Write out exactly the lines running from the one with "this 1280×1280 image." to the last line of the entries, keeping both the first and the last.

[Dataset records]
********************

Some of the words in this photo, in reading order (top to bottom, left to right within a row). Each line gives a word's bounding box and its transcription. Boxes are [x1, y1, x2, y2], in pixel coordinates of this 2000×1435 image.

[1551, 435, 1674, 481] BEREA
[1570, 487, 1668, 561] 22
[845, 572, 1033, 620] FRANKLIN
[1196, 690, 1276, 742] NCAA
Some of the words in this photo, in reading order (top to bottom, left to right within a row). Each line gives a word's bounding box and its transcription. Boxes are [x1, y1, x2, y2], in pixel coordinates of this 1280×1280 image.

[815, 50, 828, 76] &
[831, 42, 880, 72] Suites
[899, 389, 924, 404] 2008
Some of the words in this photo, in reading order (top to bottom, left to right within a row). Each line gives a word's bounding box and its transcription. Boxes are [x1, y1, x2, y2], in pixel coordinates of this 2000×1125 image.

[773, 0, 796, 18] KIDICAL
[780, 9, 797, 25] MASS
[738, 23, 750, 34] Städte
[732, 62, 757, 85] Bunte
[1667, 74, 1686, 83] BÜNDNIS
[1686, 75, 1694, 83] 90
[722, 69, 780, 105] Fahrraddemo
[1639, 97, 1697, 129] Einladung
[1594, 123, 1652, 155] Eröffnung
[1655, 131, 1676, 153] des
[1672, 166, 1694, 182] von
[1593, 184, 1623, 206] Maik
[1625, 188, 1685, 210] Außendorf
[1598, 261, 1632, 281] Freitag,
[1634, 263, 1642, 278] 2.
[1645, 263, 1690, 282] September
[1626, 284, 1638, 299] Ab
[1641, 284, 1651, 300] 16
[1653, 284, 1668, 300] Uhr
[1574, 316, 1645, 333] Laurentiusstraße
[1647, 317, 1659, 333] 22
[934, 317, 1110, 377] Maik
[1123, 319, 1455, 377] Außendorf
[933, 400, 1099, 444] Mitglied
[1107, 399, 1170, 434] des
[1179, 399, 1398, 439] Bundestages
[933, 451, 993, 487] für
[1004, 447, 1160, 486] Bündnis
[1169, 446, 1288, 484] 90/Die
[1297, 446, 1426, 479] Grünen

********************

**Answer section**
Some of the words in this photo, in reading order (top to bottom, left to right within a row). Each line gives a word's bounding box and its transcription. Boxes are [x1, y1, x2, y2], in pixel coordinates of this 1280×1280 image.

[815, 50, 828, 76] &
[831, 42, 880, 72] Suites
[899, 389, 924, 404] 2008
Some of the words in this photo, in reading order (top to bottom, left to right within a row). Each line gives a word's bounding box and its transcription. Boxes are [x1, y1, x2, y2], in pixel coordinates of this 2000×1125 image.

[773, 0, 796, 18] KIDICAL
[780, 9, 797, 25] MASS
[738, 23, 750, 34] Städte
[732, 62, 757, 85] Bunte
[1667, 74, 1686, 83] BÜNDNIS
[1686, 75, 1694, 83] 90
[722, 69, 780, 105] Fahrraddemo
[1639, 97, 1697, 129] Einladung
[1594, 123, 1652, 155] Eröffnung
[1655, 131, 1676, 153] des
[1672, 166, 1694, 182] von
[1593, 184, 1623, 206] Maik
[1625, 188, 1685, 210] Außendorf
[1598, 261, 1632, 281] Freitag,
[1634, 263, 1642, 278] 2.
[1645, 263, 1690, 282] September
[1626, 284, 1638, 299] Ab
[1641, 284, 1651, 300] 16
[1653, 284, 1668, 300] Uhr
[1574, 316, 1645, 333] Laurentiusstraße
[1647, 317, 1659, 333] 22
[934, 317, 1110, 377] Maik
[1123, 319, 1455, 377] Außendorf
[933, 400, 1099, 444] Mitglied
[1107, 399, 1170, 434] des
[1179, 399, 1398, 439] Bundestages
[933, 451, 993, 487] für
[1004, 447, 1160, 486] Bündnis
[1169, 446, 1288, 484] 90/Die
[1297, 446, 1426, 479] Grünen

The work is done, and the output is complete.